B. Kondüksiyon Afazi
Lezyon, Broca ve Wernicke alanını birbirine bağlayan beyaz madde yolunda (arkuat fasikulusda)’dır ve en belirgin özelliği tekrarlamalarda yaşanan sorunlardır. Normalde akıcı bir afazi tipidir fakat lezyon ne kadar öndeyse konuşma o kadar tutuk olur.
C. Transkortikal Duyusal Afazi
Lezyon, Wernicke alanının posteriorunda parietal ve temporal bölgelerin kesiştiği yerdedir.
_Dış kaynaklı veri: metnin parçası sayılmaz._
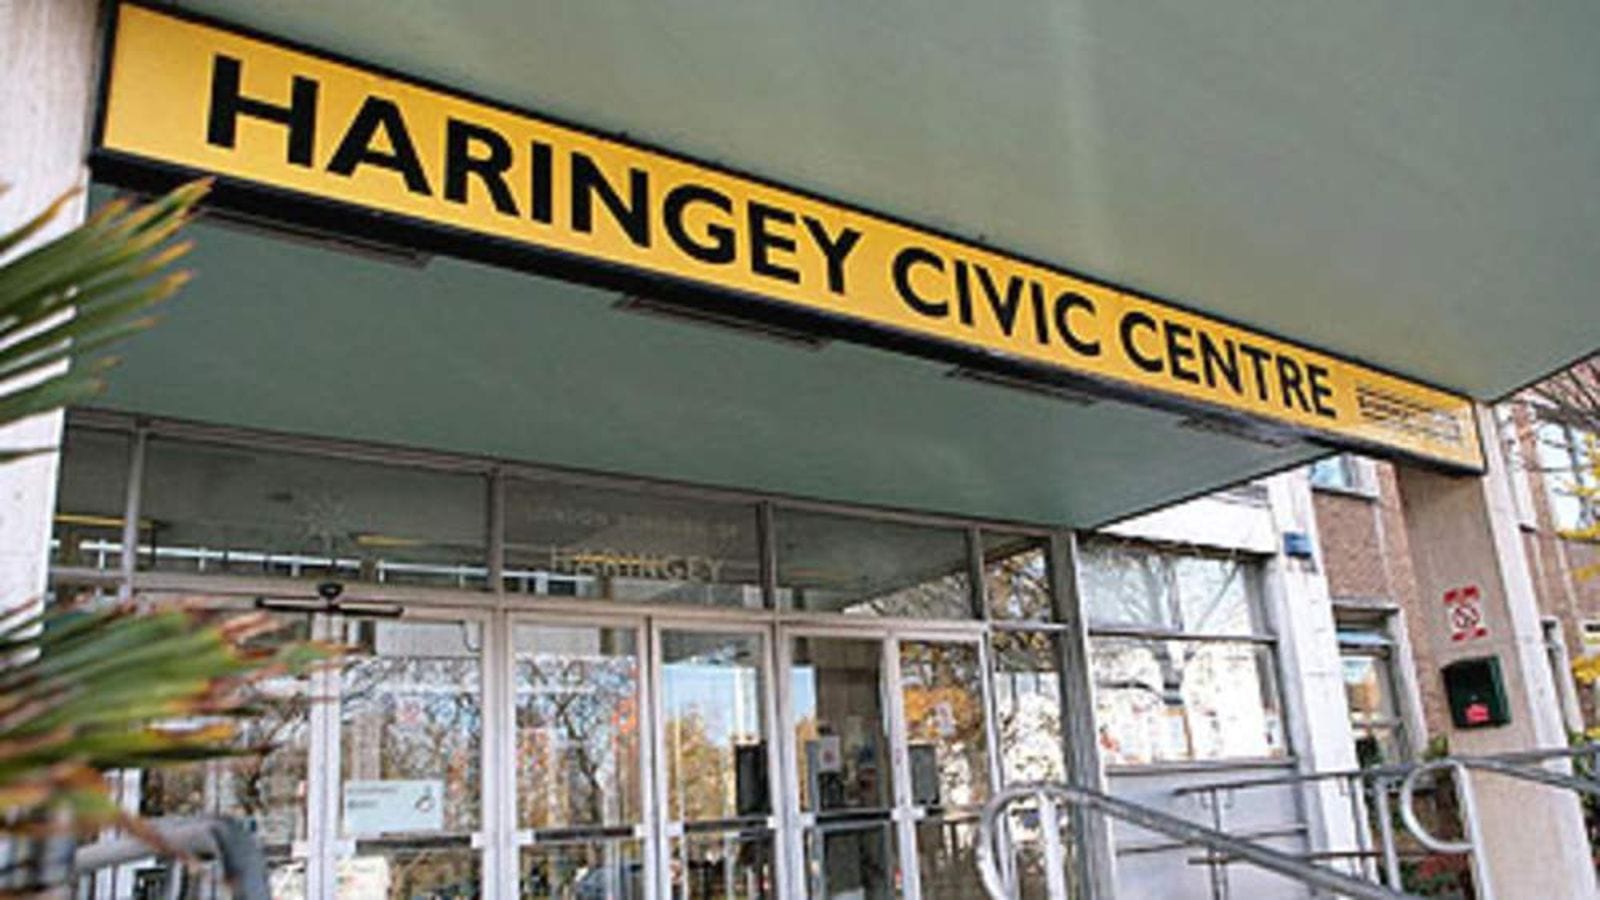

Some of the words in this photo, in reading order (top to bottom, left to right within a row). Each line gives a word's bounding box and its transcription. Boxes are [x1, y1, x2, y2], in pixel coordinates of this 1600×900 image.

[207, 53, 861, 294] HARINGEY
[892, 247, 1101, 357] CIVIC
[1119, 311, 1337, 419] CENTRE
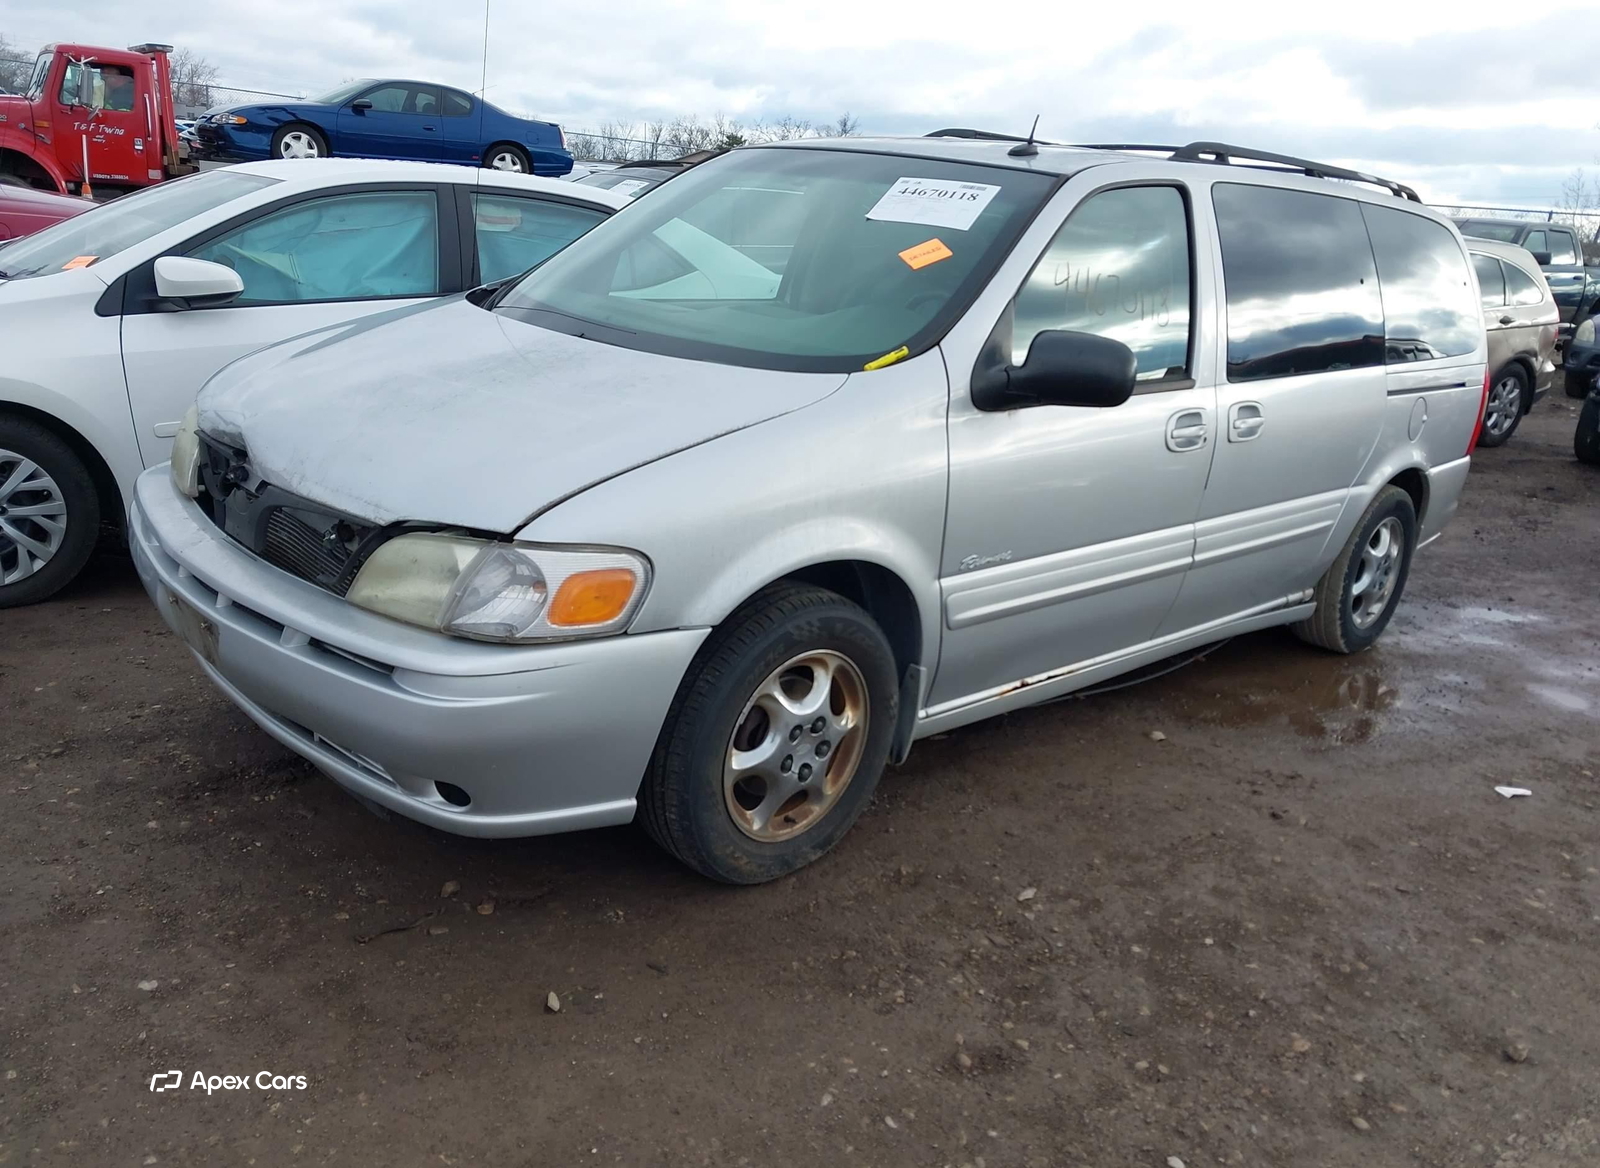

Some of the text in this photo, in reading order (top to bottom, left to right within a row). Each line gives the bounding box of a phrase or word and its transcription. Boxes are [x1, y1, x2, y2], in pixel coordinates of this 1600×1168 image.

Tekrarlama yetisinin haricinde Wernicke afazisine çok benzemektedir.
2. Tutuk Afaziler
A. Broka Afazisi
Lezyon, Broka alanındadır. Broca afazisinde konuşma; tutuk, gramersiz, prosodi, ezgi ve çekim eklerinin olmadığı telgraf tipindedir. Kişi, kendine söyleneni anlar ve yanlışlarının farkına varabilir.
B. Transkortikal Motor Afazi
Bu tür afazilerde tekrarlama ve okuma korunmuştur. Bunun dışında Broka afazisine çok benzer. Broca ve özellikle transkortikal motor afazisi olan hastalarda ağız içi organların zayıflığından kaynaklanan dizatri görülebilmektedir.
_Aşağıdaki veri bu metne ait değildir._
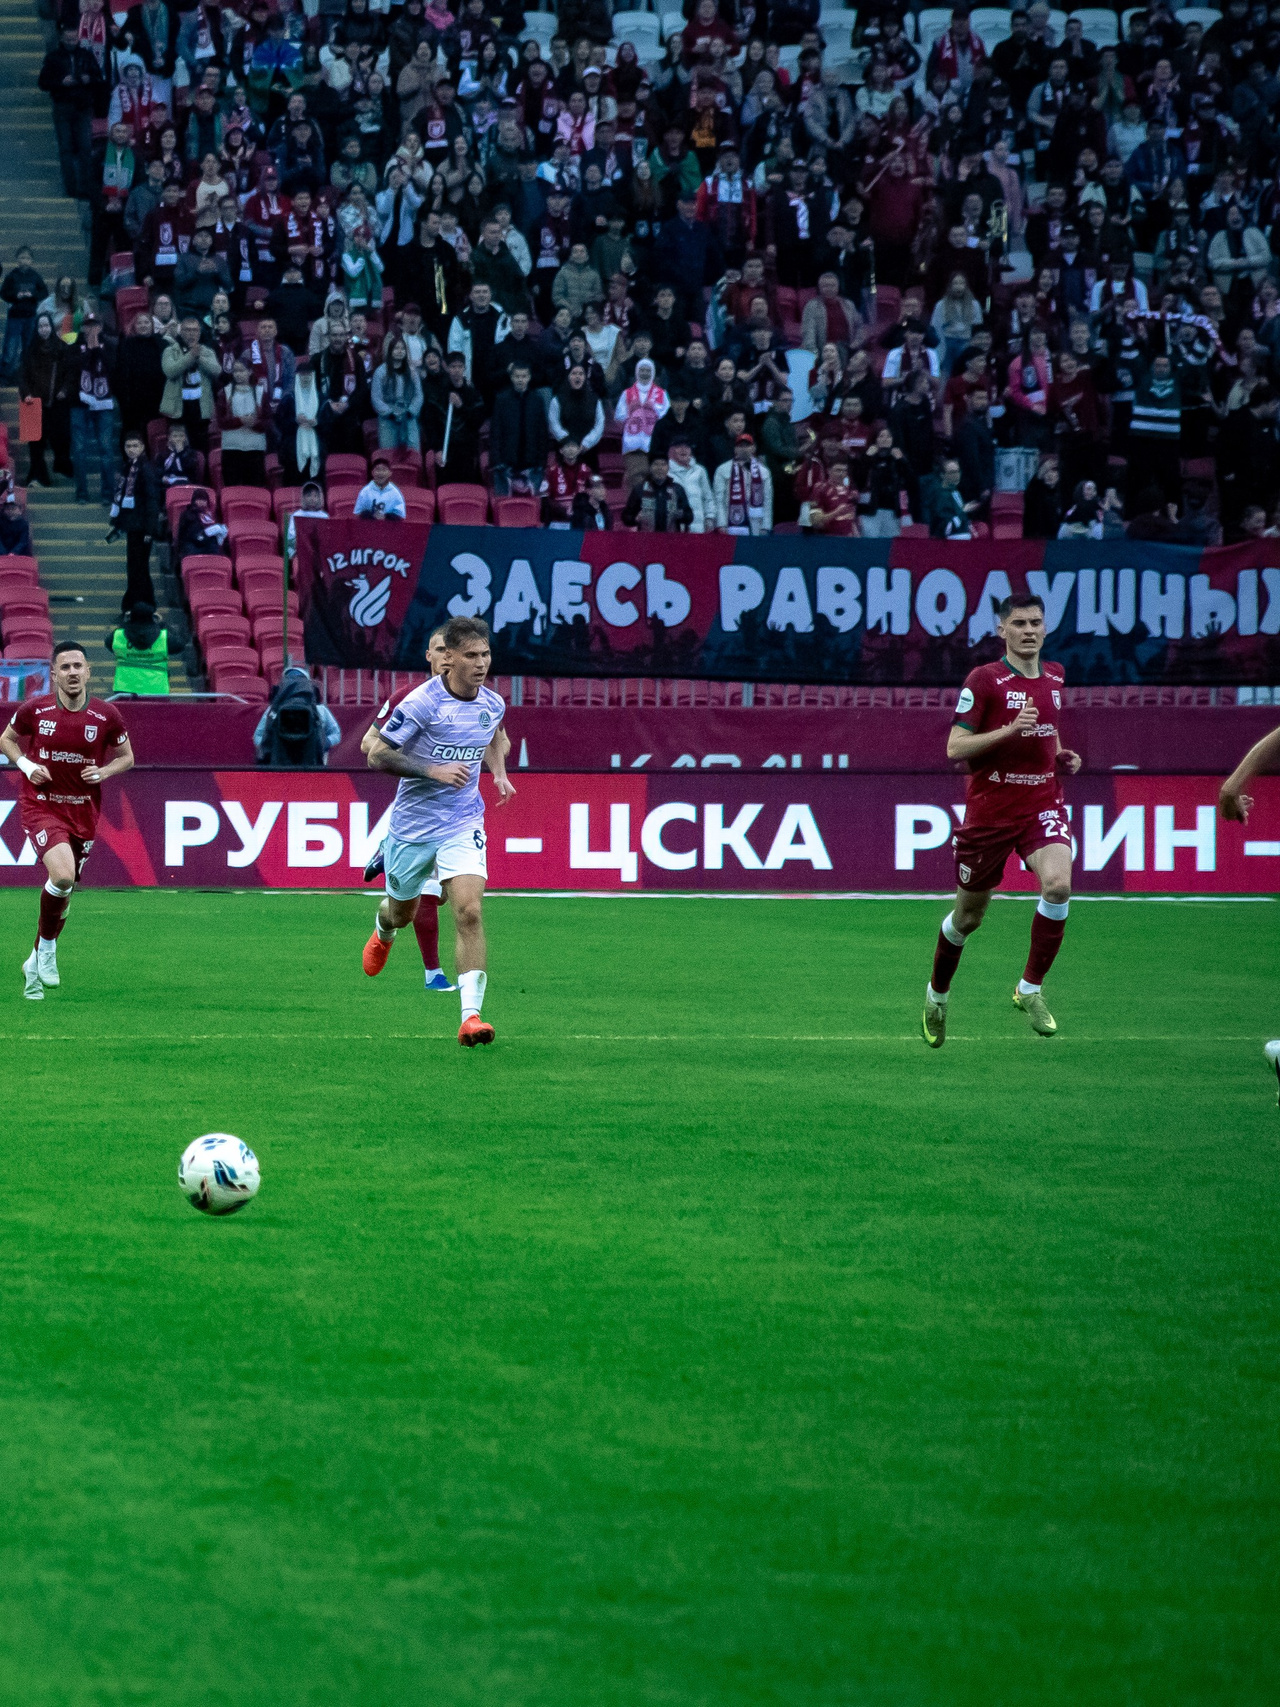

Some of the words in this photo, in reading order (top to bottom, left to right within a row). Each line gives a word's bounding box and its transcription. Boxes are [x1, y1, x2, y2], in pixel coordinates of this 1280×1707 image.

[350, 547, 411, 579] ИГРОК
[446, 552, 691, 636] ЗДЕСЬ
[1006, 691, 1027, 701] FON
[1006, 700, 1027, 709] BET
[39, 719, 57, 728] FON
[39, 727, 55, 736] BET
[164, 800, 394, 868] РУБИ
[570, 801, 834, 883] ЦСКА
Bu dil bozukluğunda kişi, spontane konuşma üretemez, kelime oluşturamaz, ne demek istediğini anlatamaz. Ancak bir şeyi tekrarlamasını istediğinizi zorlamadan yapar. Bu dil bozukluğu, genellikle Broca alanının önüne gelen bir darbe sonucu oluşur.
C. Global Afazi
En yaygın ve ağır afazi türüdür. Global afazikler ne konuşulanı anlarlar ne de konuşmayı üretebilirler.
Afazi nasıl tedavi edilir?
Günümüzde afazi tedavisinde önemli başarılar sağlanabilmektedir. Dil ve konuşma terapisi, afazi rehabilitasyonunda büyük rol oynar. Afazi teşhisi konulduktan sonra zaman kaybetmeden dil ve konuşma terapisine başlamak hastanın kazanımlarını hızlandırıp, artıracaktır. Özellikle ilk 6-12 ayda hızlı bir gelişim olacağı için bu süre içinde terapi desteği almak çok yararlıdır.
Dil ve konuşma terapisti, hastanın dil ve konuşma becerilerini detaylı olarak değerlendirebileceği bir seans düzenler. Değerlendirmede standardize (örneğin: ADD- Afazi Dil Değerlendirme Testi) ya da non-standardize testler kullanabilir. Bu değerlendirme sırasında hastanın konuşması, işitsel ayırt etmesi, tekrarlaması, adlandırması, okuma ve yazması detaylı olarak incelenir. Afazi hastasında dil terapisinin amacı kişinin edinip kaybettiği dili tedavi ve eğitim ile tekrar yapılandırmaya çalışmaktır. Terapi, hastanın zayıf olduğu dil ve biliş alanına göre beynin uyarılması ve öğrenilenin gerçek yaşama transfer edilmesi şeklinde gerçekleşir.